7.2 Limitation on Transactions.
--------------------------
(a) Except for any transactions entered into prior to the date
hereof, until 120 days after the date of effectiveness of the registration
statement contemplated by the Registration Rights Agreement, without the prior
written consent of the Investors (which consent may be withheld in the
Investors' discretion), the Company shall not (i) issue or sell or agree to
issue or sell any securities in a non-public transaction; or (ii) issue or sell,
or agree to issue or sell, any securities for cash in a non-public Variable Rate
Transaction.
(b) During the period after effectiveness of the registration
statement contemplated by the Registration Rights Agreement and until the
expiration of the MFN Period, without the prior written consent of the Investors
(which consent may be withheld in the Investors' discretion), the Company shall
not (i) issue or sell or agree to issue or sell any securities in a non-public
transaction; or (ii) issue or sell, or agree to issue or sell, any securities
for cash in a non-public Variable Rate Transactions.
(c) The Company shall not issue any securities in any
transaction that would be integrated with the Securities issued pursuant to this
Agreement.
(d) Exclusions. Section 7.2 shall not apply to (i) sales of
----------
shares of Common Stock by the Company upon conversion or exercise of any
convertible securities, options or warrants outstanding prior to the date
hereof; or (ii) any sale of securities under an employee option plan approved by
the Company's shareholders.
7.3 Right of Investors to Participate in Future Transactions. The
--------------------------------------------------------
Company agrees that during the MFN Period the Investors will have a right to
participate in future non-public capital raising transactions as set forth in
this Section 7.3. This shall not limit restrictions set forth in Section 7.2
above. The Company shall give advance written notice to the Investors prior to
any offer or sale of any of its equity securities or any securities convertible
into or exchangeable or exercisable for such securities in a non-public capital
raising transaction. Prior to the closing of any such transaction, the
Investors shall have the right to participate in up to 50% of such new offering
(or in the case of a Variable Rate Transaction, up to 75% of such new offering)
and purchase such securities for the same consideration and on the same terms
and
13
conditions as contemplated for such third-party sale.
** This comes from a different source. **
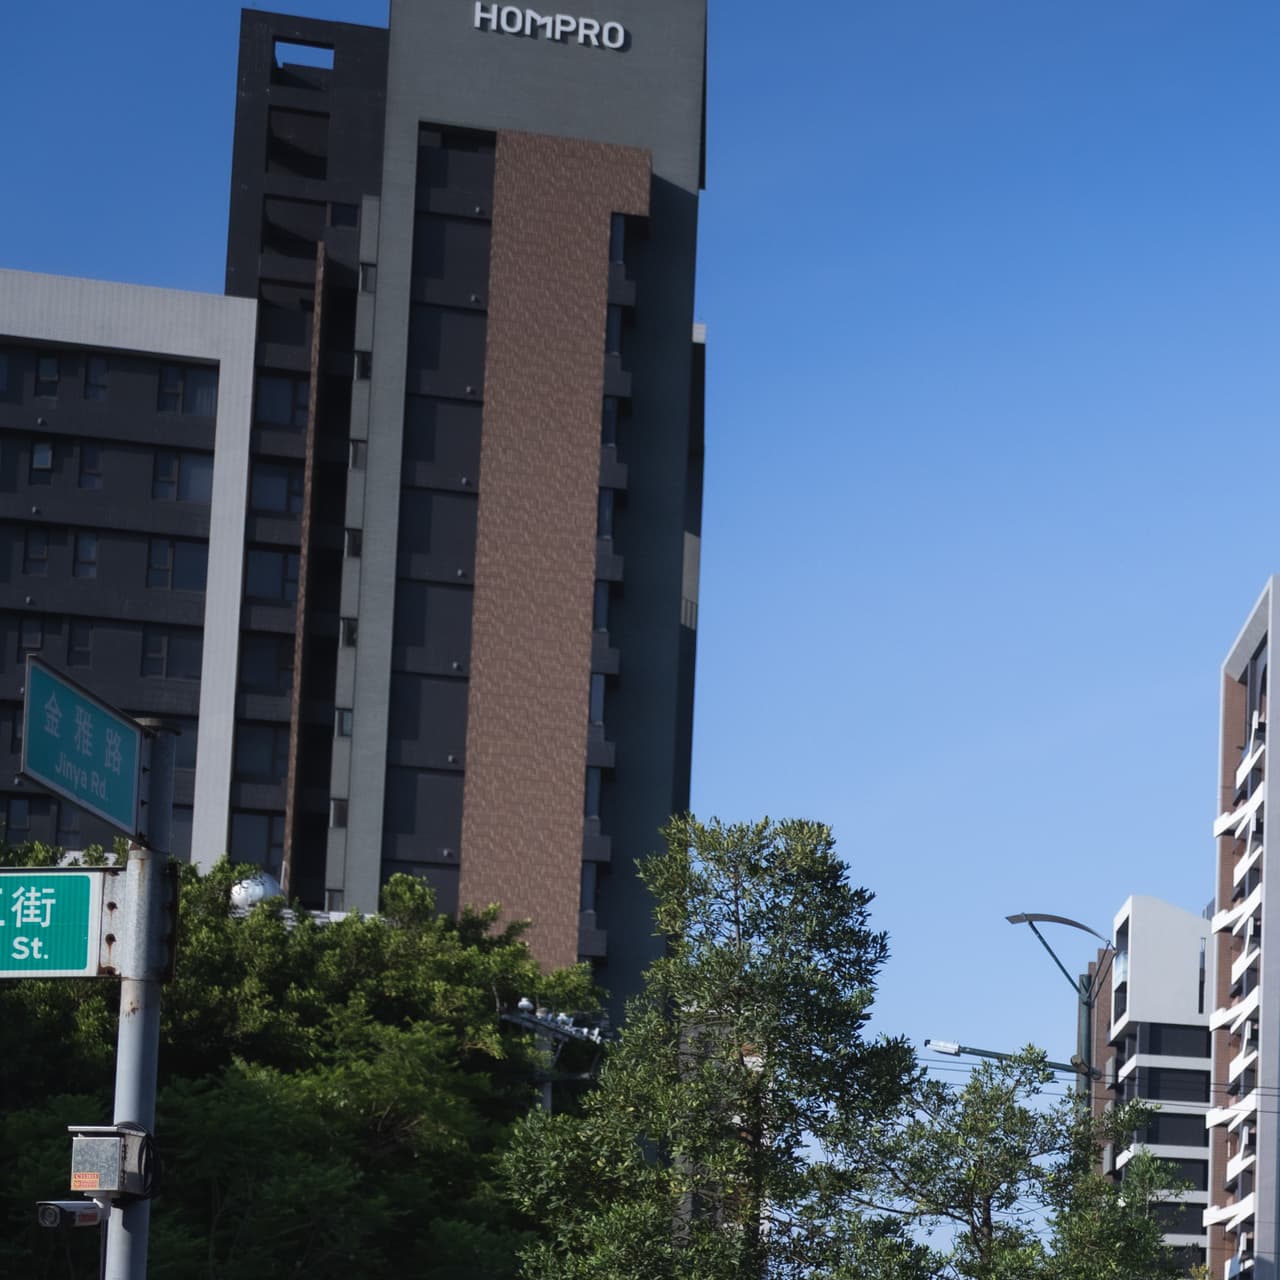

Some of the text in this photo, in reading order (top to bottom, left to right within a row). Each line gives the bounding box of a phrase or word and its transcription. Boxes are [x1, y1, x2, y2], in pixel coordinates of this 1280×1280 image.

To exercise this right, an
Investor must give written notice to the Company of the Investor's election to
participate and such notice must be given within ten (10) days following receipt
of the notice from the Company. If the Company gives notice to the Investors of
an expected transaction pursuant to this Section 7.3 but cannot consummate such
transaction, the Company will give the Investors prompt written notice of the
cancellation of such transaction. If, subsequent to the Company giving notice to
the Investors hereunder, the terms and conditions of the proposed third-party
sale are changed in any way, the Company shall be required to provide a new
notice to the Investors hereunder and the Investors shall have the right to
participate in the offering on such changed terms and conditions as provided
hereunder.
7.4 Opinion of Counsel. On or prior to the Closing Date, the
------------------
Company will deliver to the Investors the opinions of independent legal counsel
to the Company, in form and substance reasonably acceptable to the Investors,
addressing those legal matters set forth in Schedule 7.4 hereto.
------------
7.5 Reservation of Common Stock. The Company hereby agrees that at
---------------------------
all times while the Preferred Stockis outstanding, it shall reserve and keep
available out of its authorized but unissued shares of Common Stock, such number
of shares of Common Stock as shall from time to time equal two times the number
of shares sufficient to permit the conversion of the Preferred Stock in
accordance with its terms.
7.6 Reports. Within one week of filing the following reports with
-------
the SEC, or in the absence of such filing within the time periods specified
below, the Company shall send a copy of the following reports to each Investor
by regular mail:
(a) Quarterly Reports. As soon as available the Company's
-----------------
quarter-annual report on Form 10-Q or, in the absence of such report,
consolidated balance sheets of the Company and its subsidiaries as at the end of
such period and the related consolidated statements of operations, stockholders'
equity and cash flows for such period and for the portion of the Company's
fiscal year ended on the last day of such quarter, prepared in accordance with
the rules and regulations promulgated by the SEC.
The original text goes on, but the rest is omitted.